The biggest problem, however, could not be resolved with paint. Kelly recalls, “We needed cars for scenes in four different countries in Malta. Malta has a good stock of ’70s cars, but they are all right-hand drive, like the UK. And with the exception of Cyprus, the other three countries were left hand drive! When we got to Hungary, the opposite applied. Hungary is left-hand drive and we needed to be in London for some scenes, which is right-hand drive.” With just a bit of ingenuity, “false” steering wheels and an extra driver per car, Kelly and his team solved their problem.

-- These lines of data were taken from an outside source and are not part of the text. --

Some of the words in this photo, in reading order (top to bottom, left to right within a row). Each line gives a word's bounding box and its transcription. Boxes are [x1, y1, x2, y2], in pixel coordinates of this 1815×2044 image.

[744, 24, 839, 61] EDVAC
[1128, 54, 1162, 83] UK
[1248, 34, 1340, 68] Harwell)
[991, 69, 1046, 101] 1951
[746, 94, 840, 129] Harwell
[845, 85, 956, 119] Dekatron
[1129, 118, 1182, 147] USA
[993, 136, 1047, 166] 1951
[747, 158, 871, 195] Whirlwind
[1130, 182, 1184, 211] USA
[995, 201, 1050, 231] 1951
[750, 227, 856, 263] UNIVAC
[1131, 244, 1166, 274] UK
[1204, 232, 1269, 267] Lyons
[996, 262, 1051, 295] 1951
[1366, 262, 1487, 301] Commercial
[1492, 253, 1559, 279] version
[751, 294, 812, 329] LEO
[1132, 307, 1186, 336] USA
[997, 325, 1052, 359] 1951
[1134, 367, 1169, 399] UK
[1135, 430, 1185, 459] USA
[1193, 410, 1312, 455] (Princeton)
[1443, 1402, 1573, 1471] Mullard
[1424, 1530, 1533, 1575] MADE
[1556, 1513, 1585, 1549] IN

Costume designer Joanna Johnston also faced an intriguing challenge—crafting five different looks for each of the men on the hit squad that could reflect the individual background, personality and age of each character. “They each have their own mood,” says Johnston. “Carl, who is ordered, clear-thinking and practical wears sharp creases, straight-parted hair and bland colors; he has good presentation and never loses it. Robert, who is more poetic, artistic and sensitive, wears warm colors with soft patterns and textures and has a more rumpled look. Hans is the oldest of the group, and an antiques dealer, so he is more old-fashioned and traditional in his style. Steve is the coolest of the group, fashionable in a street sense and very considered and sexy in his dress with leather jackets and tight shirts. Steven Spielberg’s reference point for him was Steve McQueen.”

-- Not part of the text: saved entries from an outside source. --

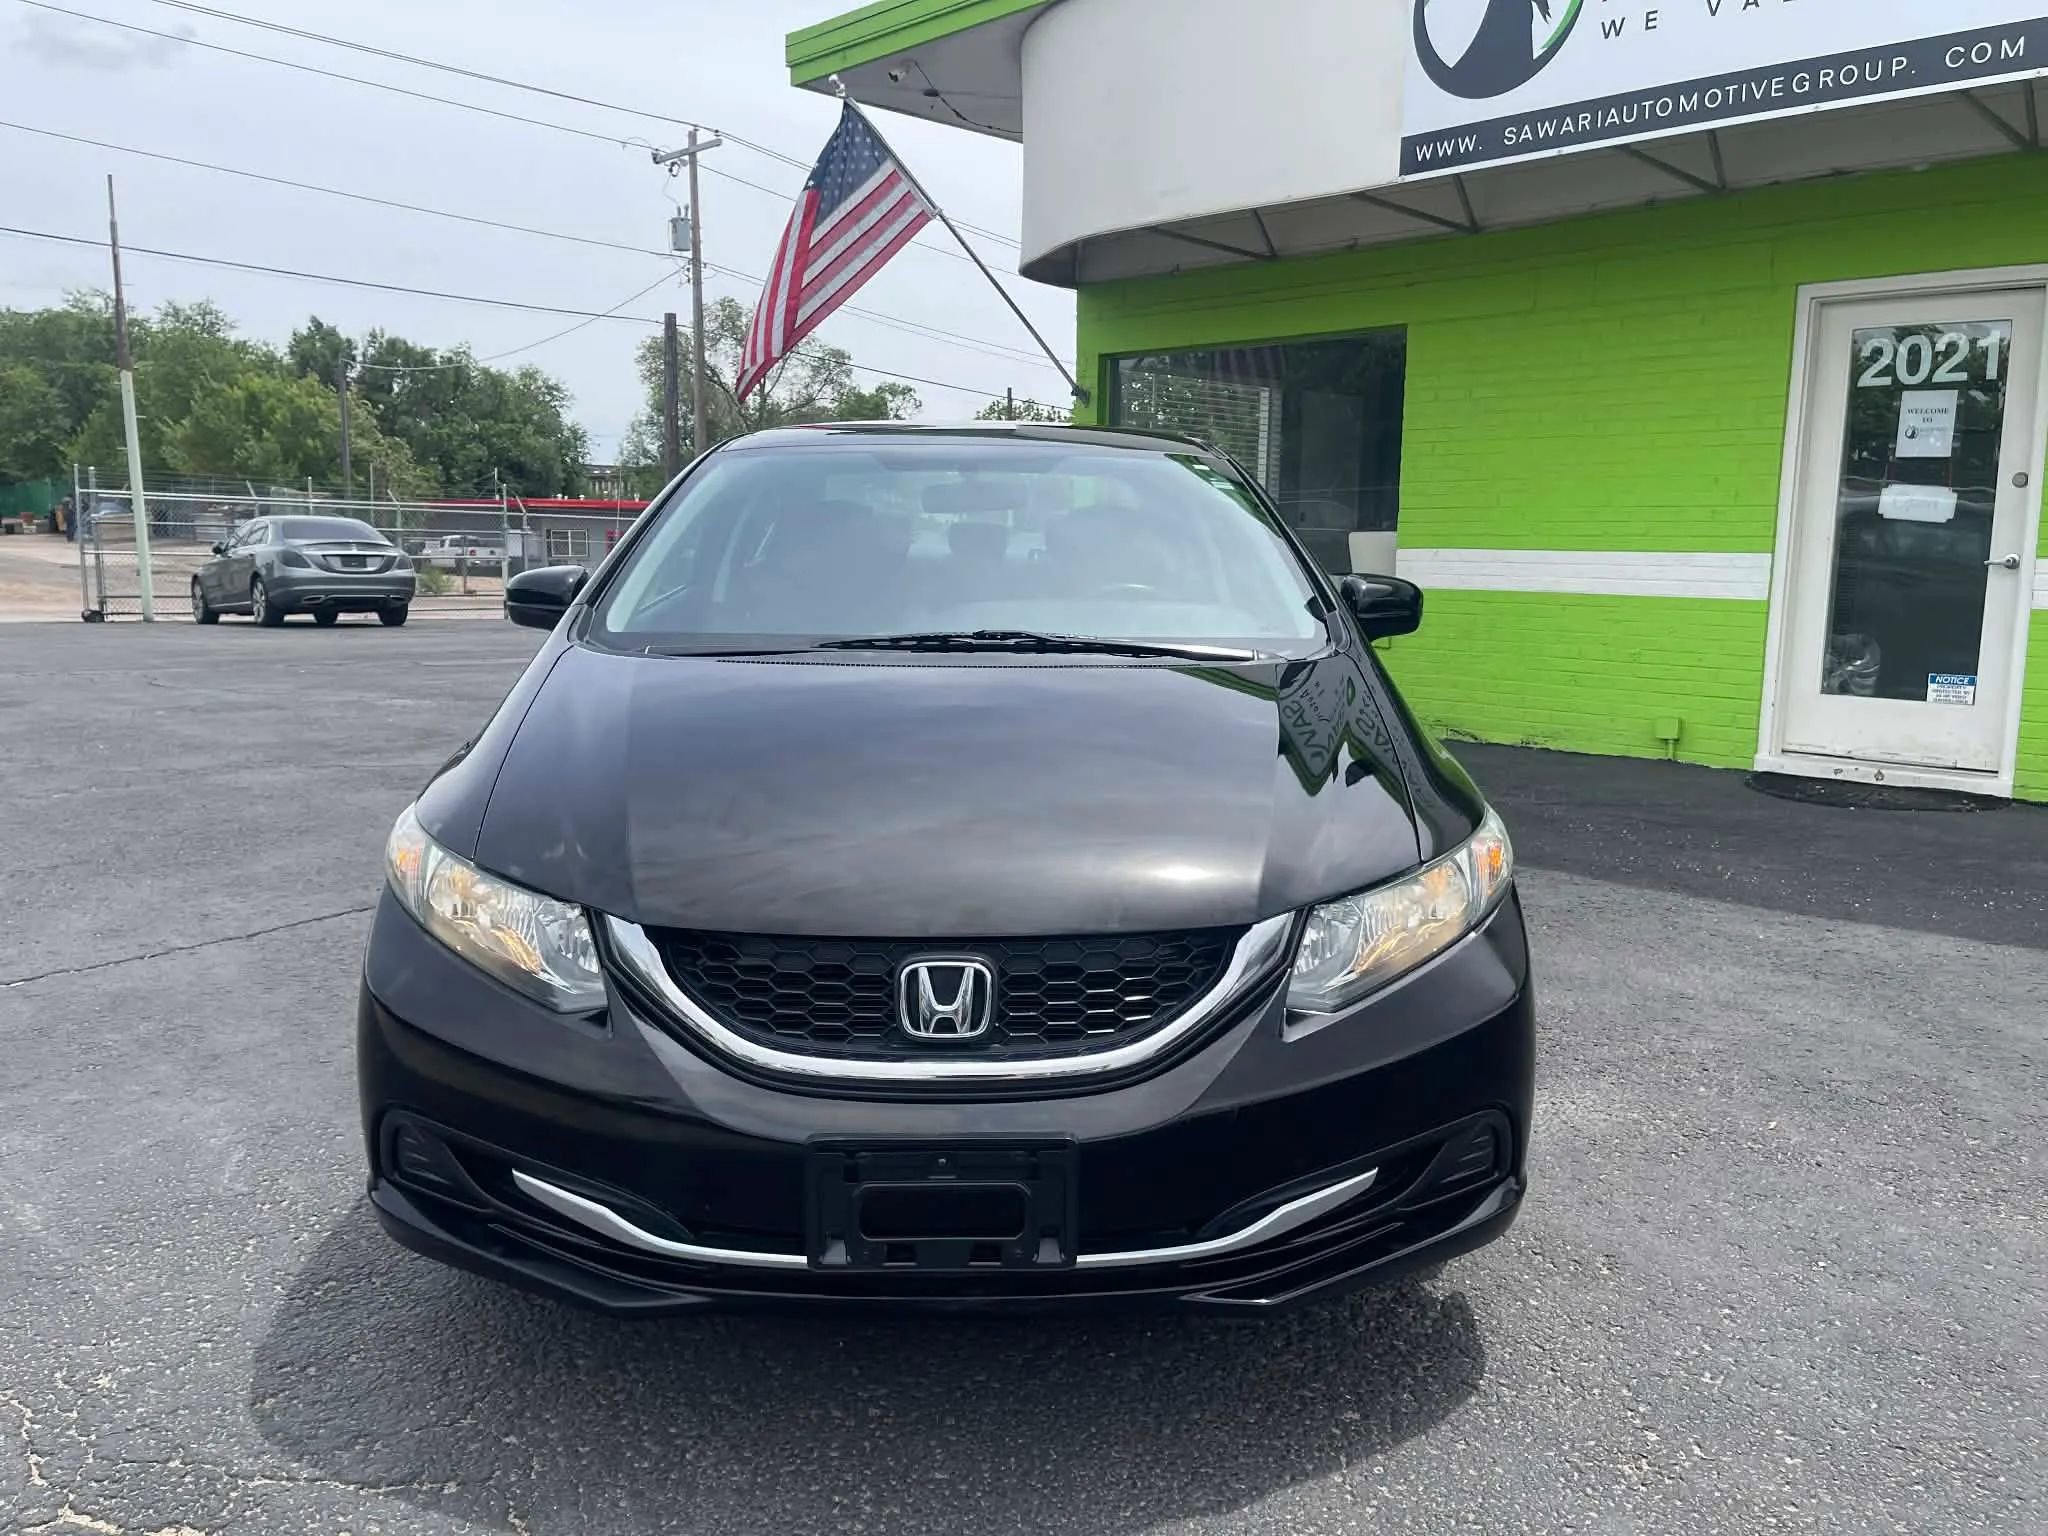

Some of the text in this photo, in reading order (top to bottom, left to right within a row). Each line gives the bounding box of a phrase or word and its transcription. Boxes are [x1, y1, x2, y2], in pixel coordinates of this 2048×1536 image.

[1601, 10, 1658, 39] WE
[1416, 134, 1482, 161] WWW.
[1945, 35, 2025, 68] COM
[1857, 330, 2001, 387] 2021
[1935, 675, 1969, 685] NOTICE

The mood of Avner’s look, however, shifts as the story progresses. “To give a sense of Avner losing control, he starts the film dressing with an almost military precision with youthful, clean lines but then the sharp edges go, the warm colors of the country he hails from drop out,” Johnston explains. “He takes on the longer shadows of the north and an aura of suspicion. He eventually ends up in New York denim, the modern world, which he never would have taken on before.”

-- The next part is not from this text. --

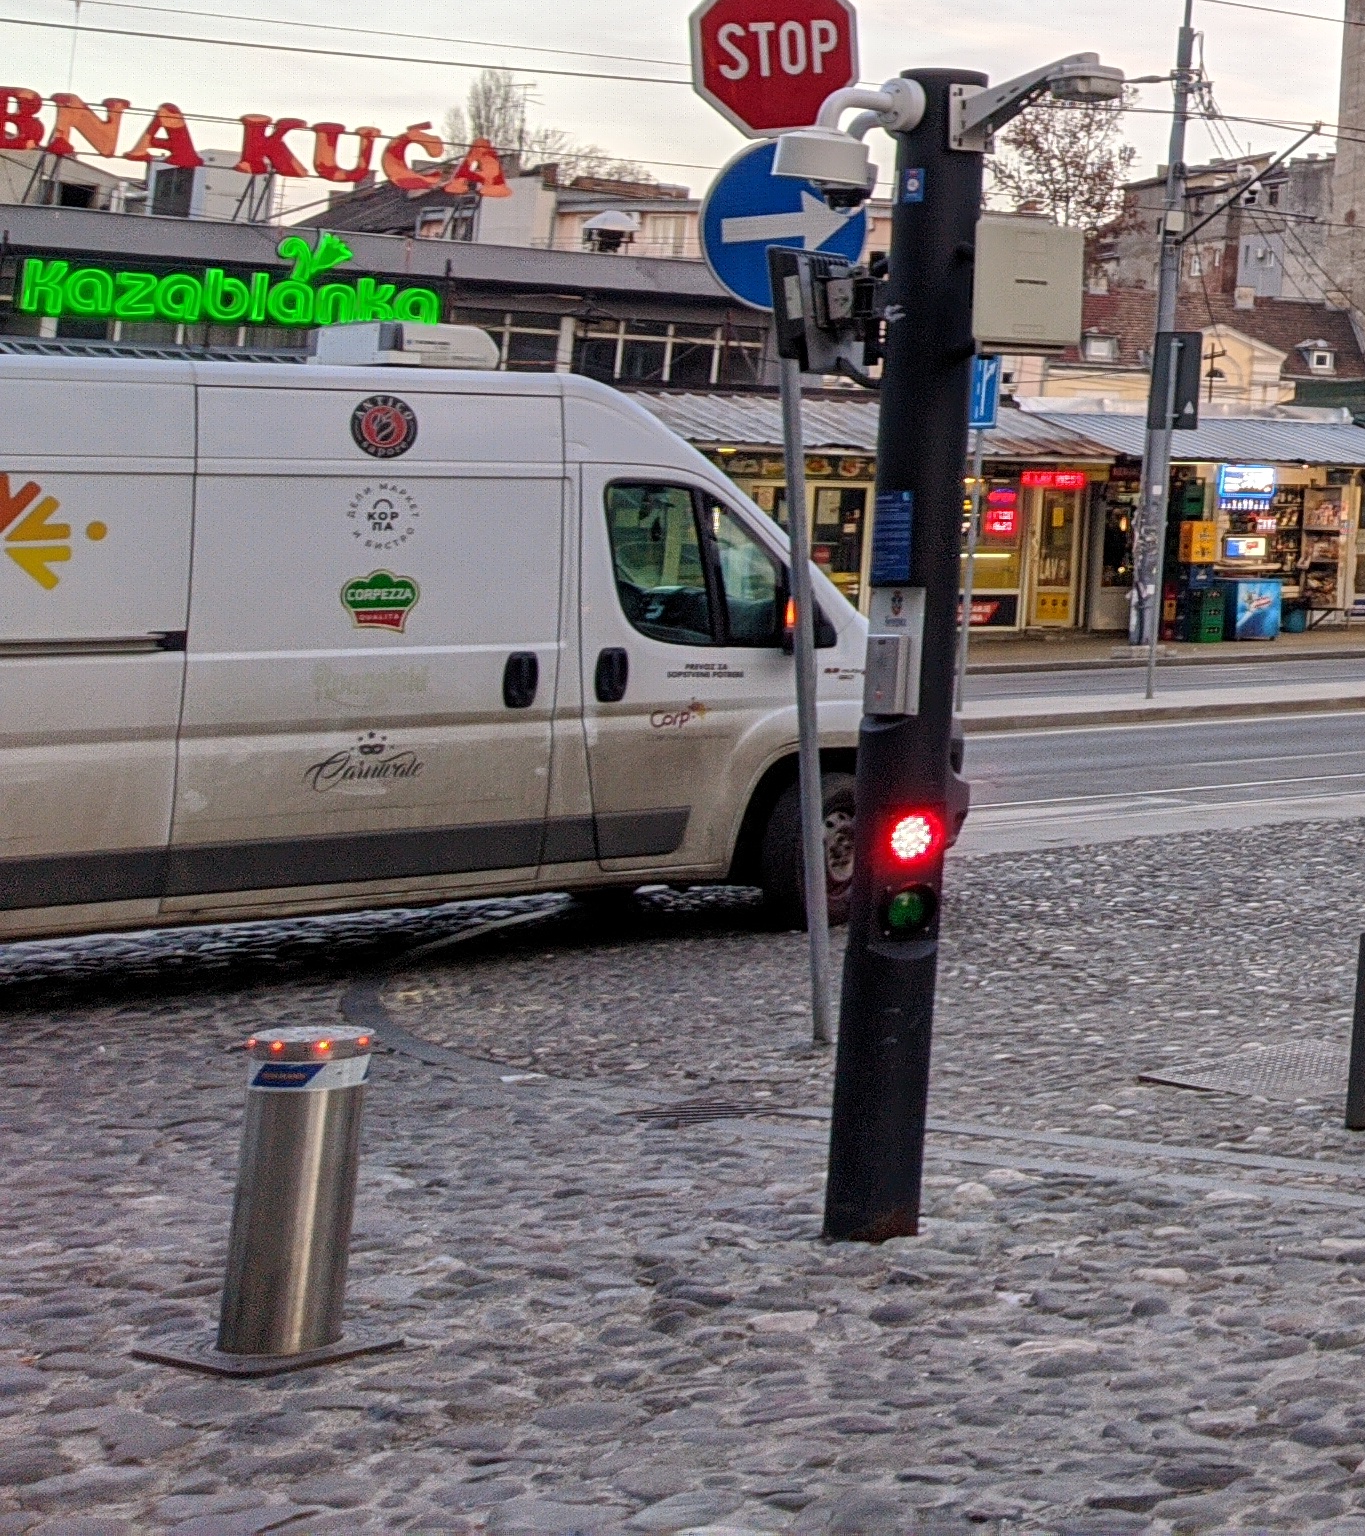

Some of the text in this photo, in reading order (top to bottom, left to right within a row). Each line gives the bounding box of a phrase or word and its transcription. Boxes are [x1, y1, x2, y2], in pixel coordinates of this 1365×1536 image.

In addition to creating individual palettes, Johnston also forged geographic palettes for each country, matching the work of Rick Carter. “I used a lot of patterns and warm tones in Tel Aviv but the further north we went, the cooler and plainer the clothing became,” she notes. “Every country and city had an identification regarding its style and color. It was all very tightly choreographed.”

Creating about 85 percent of the costumes from scratch with her team in Munich, Johnston emphasized a more European and less clichéd ’70s fashion aesthetic. “The cliché ’70s are wild and crazy, but in Europe they were beautiful, elegant in a way. Steven said to me that I made it look ‘sophisticated with a twist,’” Johnston recalls. “The costumes that Joanna has made are remarkable,” says Munich star Ciaran Hinds, “because she’s not defined just who these men are, but somehow has given a sense of how they think as well.” Hinds’ more philosophical and reserved character, Carl, always wears a suit and tie, often with the addition of a pipe and a hat. Hans’ clothing echoes his cover as a German antique dealer, with tweed jacket, shirt and sweater vests—accompanied, sometimes to the actor Hanns Zischler’s dismay on some of the warmer days in Malta, by a thick undershirt. Steve, played by Daniel Craig, is the only one with a flair for the fashions of the time. “Joanna had an idea that he would be the one character to wear something ’70s,” says Craig. “And I thought, ‘Well let’s go for it.’ I have the collars and the jeans and the medallion, but it’s kept quite simple.”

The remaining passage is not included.